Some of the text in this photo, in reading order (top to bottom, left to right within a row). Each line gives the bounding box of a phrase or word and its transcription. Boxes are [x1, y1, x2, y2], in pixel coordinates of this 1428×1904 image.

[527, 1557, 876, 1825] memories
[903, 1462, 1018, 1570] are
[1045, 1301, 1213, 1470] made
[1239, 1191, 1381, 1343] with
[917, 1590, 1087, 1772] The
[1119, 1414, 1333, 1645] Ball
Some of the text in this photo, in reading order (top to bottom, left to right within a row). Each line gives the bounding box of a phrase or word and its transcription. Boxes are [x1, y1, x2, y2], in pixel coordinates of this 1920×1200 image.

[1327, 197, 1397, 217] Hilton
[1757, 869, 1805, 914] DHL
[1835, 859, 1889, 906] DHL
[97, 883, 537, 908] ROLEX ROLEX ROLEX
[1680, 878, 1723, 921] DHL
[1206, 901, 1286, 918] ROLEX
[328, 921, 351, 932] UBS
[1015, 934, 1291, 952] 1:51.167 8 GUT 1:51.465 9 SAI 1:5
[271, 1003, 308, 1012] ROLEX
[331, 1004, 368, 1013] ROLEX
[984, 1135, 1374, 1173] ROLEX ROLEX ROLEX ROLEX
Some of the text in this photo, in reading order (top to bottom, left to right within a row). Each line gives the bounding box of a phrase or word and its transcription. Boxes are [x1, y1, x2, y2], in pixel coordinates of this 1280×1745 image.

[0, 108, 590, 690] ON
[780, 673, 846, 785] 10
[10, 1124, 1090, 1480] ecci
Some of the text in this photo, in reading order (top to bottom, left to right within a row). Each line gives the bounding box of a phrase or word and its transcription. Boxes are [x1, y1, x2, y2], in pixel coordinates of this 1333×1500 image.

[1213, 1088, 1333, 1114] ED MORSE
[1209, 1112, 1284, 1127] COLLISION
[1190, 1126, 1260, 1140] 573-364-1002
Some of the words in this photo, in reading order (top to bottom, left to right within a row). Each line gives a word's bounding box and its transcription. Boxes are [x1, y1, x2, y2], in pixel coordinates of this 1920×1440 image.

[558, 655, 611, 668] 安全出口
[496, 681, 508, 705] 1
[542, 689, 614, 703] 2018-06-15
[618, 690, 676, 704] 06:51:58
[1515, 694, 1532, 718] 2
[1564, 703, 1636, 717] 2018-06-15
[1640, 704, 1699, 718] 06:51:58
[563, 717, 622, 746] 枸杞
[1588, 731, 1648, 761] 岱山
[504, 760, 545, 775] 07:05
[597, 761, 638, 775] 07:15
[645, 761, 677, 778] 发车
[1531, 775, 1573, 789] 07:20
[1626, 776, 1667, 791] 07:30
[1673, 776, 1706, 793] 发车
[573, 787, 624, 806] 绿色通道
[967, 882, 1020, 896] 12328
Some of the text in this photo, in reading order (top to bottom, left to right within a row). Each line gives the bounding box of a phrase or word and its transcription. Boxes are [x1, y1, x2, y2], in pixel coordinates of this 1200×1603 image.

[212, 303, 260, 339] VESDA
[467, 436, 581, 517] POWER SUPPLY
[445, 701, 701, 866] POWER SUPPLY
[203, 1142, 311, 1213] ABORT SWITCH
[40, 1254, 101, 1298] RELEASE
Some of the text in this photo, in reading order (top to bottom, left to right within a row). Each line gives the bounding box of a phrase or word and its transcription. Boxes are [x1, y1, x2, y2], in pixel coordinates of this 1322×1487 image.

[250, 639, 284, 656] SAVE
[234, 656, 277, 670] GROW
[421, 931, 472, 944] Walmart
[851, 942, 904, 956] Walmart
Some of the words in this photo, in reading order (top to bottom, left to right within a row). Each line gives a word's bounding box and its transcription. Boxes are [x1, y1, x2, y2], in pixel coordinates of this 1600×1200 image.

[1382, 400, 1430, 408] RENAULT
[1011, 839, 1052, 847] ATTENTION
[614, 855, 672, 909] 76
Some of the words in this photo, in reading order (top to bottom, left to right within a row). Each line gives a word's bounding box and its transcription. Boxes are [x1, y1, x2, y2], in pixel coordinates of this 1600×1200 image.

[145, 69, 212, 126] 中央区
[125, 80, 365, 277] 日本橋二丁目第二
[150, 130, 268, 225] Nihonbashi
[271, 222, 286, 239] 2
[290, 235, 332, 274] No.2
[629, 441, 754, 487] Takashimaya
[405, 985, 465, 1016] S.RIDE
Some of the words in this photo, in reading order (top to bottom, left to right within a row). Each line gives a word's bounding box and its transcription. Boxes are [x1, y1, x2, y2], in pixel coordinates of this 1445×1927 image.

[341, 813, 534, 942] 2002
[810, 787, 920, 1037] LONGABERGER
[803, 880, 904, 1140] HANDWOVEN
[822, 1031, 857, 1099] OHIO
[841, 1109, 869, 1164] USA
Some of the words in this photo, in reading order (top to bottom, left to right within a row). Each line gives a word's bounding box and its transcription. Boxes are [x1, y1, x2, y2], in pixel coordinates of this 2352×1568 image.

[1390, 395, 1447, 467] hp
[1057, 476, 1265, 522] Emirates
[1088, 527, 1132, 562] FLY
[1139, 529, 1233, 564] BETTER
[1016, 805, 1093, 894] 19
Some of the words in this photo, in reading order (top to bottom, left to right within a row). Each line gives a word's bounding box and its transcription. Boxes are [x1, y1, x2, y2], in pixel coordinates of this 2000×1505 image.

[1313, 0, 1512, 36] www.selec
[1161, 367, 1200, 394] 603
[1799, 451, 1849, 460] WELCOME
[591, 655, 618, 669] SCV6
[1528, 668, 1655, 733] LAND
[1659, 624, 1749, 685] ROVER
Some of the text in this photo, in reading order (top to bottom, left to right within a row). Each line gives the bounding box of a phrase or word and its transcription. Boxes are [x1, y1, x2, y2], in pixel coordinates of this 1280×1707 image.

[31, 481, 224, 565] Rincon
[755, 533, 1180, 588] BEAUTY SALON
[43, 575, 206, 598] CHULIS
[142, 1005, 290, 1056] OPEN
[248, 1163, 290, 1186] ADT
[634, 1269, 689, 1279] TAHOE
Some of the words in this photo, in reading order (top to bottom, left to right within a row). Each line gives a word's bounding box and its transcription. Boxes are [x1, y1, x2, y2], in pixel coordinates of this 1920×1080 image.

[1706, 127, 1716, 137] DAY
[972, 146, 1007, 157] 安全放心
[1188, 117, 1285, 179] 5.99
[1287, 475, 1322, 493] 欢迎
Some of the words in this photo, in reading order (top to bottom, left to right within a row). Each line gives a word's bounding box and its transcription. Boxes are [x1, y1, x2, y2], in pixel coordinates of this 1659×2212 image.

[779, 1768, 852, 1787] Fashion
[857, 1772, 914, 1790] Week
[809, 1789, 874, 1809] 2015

* **WHAT THE TASK REQUIRES**
The material is to be transcribed once more, exactly and completely.

* **EXPECTED ANSWER**
Some of the text in this photo, in reading order (top to bottom, left to right within a row). Each line gives the bounding box of a phrase or word and its transcription. Boxes are [x1, y1, x2, y2], in pixel coordinates of this 1428×1904 image.

[527, 1557, 876, 1825] memories
[903, 1462, 1018, 1570] are
[1045, 1301, 1213, 1470] made
[1239, 1191, 1381, 1343] with
[917, 1590, 1087, 1772] The
[1119, 1414, 1333, 1645] Ball
Some of the text in this photo, in reading order (top to bottom, left to right within a row). Each line gives the bounding box of a phrase or word and its transcription. Boxes are [x1, y1, x2, y2], in pixel coordinates of this 1920×1200 image.

[1327, 197, 1397, 217] Hilton
[1757, 869, 1805, 914] DHL
[1835, 859, 1889, 906] DHL
[97, 883, 537, 908] ROLEX ROLEX ROLEX
[1680, 878, 1723, 921] DHL
[1206, 901, 1286, 918] ROLEX
[328, 921, 351, 932] UBS
[1015, 934, 1291, 952] 1:51.167 8 GUT 1:51.465 9 SAI 1:5
[271, 1003, 308, 1012] ROLEX
[331, 1004, 368, 1013] ROLEX
[984, 1135, 1374, 1173] ROLEX ROLEX ROLEX ROLEX
Some of the text in this photo, in reading order (top to bottom, left to right within a row). Each line gives the bounding box of a phrase or word and its transcription. Boxes are [x1, y1, x2, y2], in pixel coordinates of this 1280×1745 image.

[0, 108, 590, 690] ON
[780, 673, 846, 785] 10
[10, 1124, 1090, 1480] ecci
Some of the text in this photo, in reading order (top to bottom, left to right within a row). Each line gives the bounding box of a phrase or word and its transcription. Boxes are [x1, y1, x2, y2], in pixel coordinates of this 1333×1500 image.

[1213, 1088, 1333, 1114] ED MORSE
[1209, 1112, 1284, 1127] COLLISION
[1190, 1126, 1260, 1140] 573-364-1002
Some of the words in this photo, in reading order (top to bottom, left to right within a row). Each line gives a word's bounding box and its transcription. Boxes are [x1, y1, x2, y2], in pixel coordinates of this 1920×1440 image.

[558, 655, 611, 668] 安全出口
[496, 681, 508, 705] 1
[542, 689, 614, 703] 2018-06-15
[618, 690, 676, 704] 06:51:58
[1515, 694, 1532, 718] 2
[1564, 703, 1636, 717] 2018-06-15
[1640, 704, 1699, 718] 06:51:58
[563, 717, 622, 746] 枸杞
[1588, 731, 1648, 761] 岱山
[504, 760, 545, 775] 07:05
[597, 761, 638, 775] 07:15
[645, 761, 677, 778] 发车
[1531, 775, 1573, 789] 07:20
[1626, 776, 1667, 791] 07:30
[1673, 776, 1706, 793] 发车
[573, 787, 624, 806] 绿色通道
[967, 882, 1020, 896] 12328
Some of the text in this photo, in reading order (top to bottom, left to right within a row). Each line gives the bounding box of a phrase or word and its transcription. Boxes are [x1, y1, x2, y2], in pixel coordinates of this 1200×1603 image.

[212, 303, 260, 339] VESDA
[467, 436, 581, 517] POWER SUPPLY
[445, 701, 701, 866] POWER SUPPLY
[203, 1142, 311, 1213] ABORT SWITCH
[40, 1254, 101, 1298] RELEASE
Some of the text in this photo, in reading order (top to bottom, left to right within a row). Each line gives the bounding box of a phrase or word and its transcription. Boxes are [x1, y1, x2, y2], in pixel coordinates of this 1322×1487 image.

[250, 639, 284, 656] SAVE
[234, 656, 277, 670] GROW
[421, 931, 472, 944] Walmart
[851, 942, 904, 956] Walmart
Some of the words in this photo, in reading order (top to bottom, left to right within a row). Each line gives a word's bounding box and its transcription. Boxes are [x1, y1, x2, y2], in pixel coordinates of this 1600×1200 image.

[1382, 400, 1430, 408] RENAULT
[1011, 839, 1052, 847] ATTENTION
[614, 855, 672, 909] 76
Some of the words in this photo, in reading order (top to bottom, left to right within a row). Each line gives a word's bounding box and its transcription. Boxes are [x1, y1, x2, y2], in pixel coordinates of this 1600×1200 image.

[145, 69, 212, 126] 中央区
[125, 80, 365, 277] 日本橋二丁目第二
[150, 130, 268, 225] Nihonbashi
[271, 222, 286, 239] 2
[290, 235, 332, 274] No.2
[629, 441, 754, 487] Takashimaya
[405, 985, 465, 1016] S.RIDE
Some of the words in this photo, in reading order (top to bottom, left to right within a row). Each line gives a word's bounding box and its transcription. Boxes are [x1, y1, x2, y2], in pixel coordinates of this 1445×1927 image.

[341, 813, 534, 942] 2002
[810, 787, 920, 1037] LONGABERGER
[803, 880, 904, 1140] HANDWOVEN
[822, 1031, 857, 1099] OHIO
[841, 1109, 869, 1164] USA
Some of the words in this photo, in reading order (top to bottom, left to right within a row). Each line gives a word's bounding box and its transcription. Boxes are [x1, y1, x2, y2], in pixel coordinates of this 2352×1568 image.

[1390, 395, 1447, 467] hp
[1057, 476, 1265, 522] Emirates
[1088, 527, 1132, 562] FLY
[1139, 529, 1233, 564] BETTER
[1016, 805, 1093, 894] 19
Some of the words in this photo, in reading order (top to bottom, left to right within a row). Each line gives a word's bounding box and its transcription. Boxes are [x1, y1, x2, y2], in pixel coordinates of this 2000×1505 image.

[1313, 0, 1512, 36] www.selec
[1161, 367, 1200, 394] 603
[1799, 451, 1849, 460] WELCOME
[591, 655, 618, 669] SCV6
[1528, 668, 1655, 733] LAND
[1659, 624, 1749, 685] ROVER
Some of the text in this photo, in reading order (top to bottom, left to right within a row). Each line gives the bounding box of a phrase or word and its transcription. Boxes are [x1, y1, x2, y2], in pixel coordinates of this 1280×1707 image.

[31, 481, 224, 565] Rincon
[755, 533, 1180, 588] BEAUTY SALON
[43, 575, 206, 598] CHULIS
[142, 1005, 290, 1056] OPEN
[248, 1163, 290, 1186] ADT
[634, 1269, 689, 1279] TAHOE
Some of the words in this photo, in reading order (top to bottom, left to right within a row). Each line gives a word's bounding box and its transcription. Boxes are [x1, y1, x2, y2], in pixel coordinates of this 1920×1080 image.

[1706, 127, 1716, 137] DAY
[972, 146, 1007, 157] 安全放心
[1188, 117, 1285, 179] 5.99
[1287, 475, 1322, 493] 欢迎
Some of the words in this photo, in reading order (top to bottom, left to right within a row). Each line gives a word's bounding box and its transcription. Boxes are [x1, y1, x2, y2], in pixel coordinates of this 1659×2212 image.

[779, 1768, 852, 1787] Fashion
[857, 1772, 914, 1790] Week
[809, 1789, 874, 1809] 2015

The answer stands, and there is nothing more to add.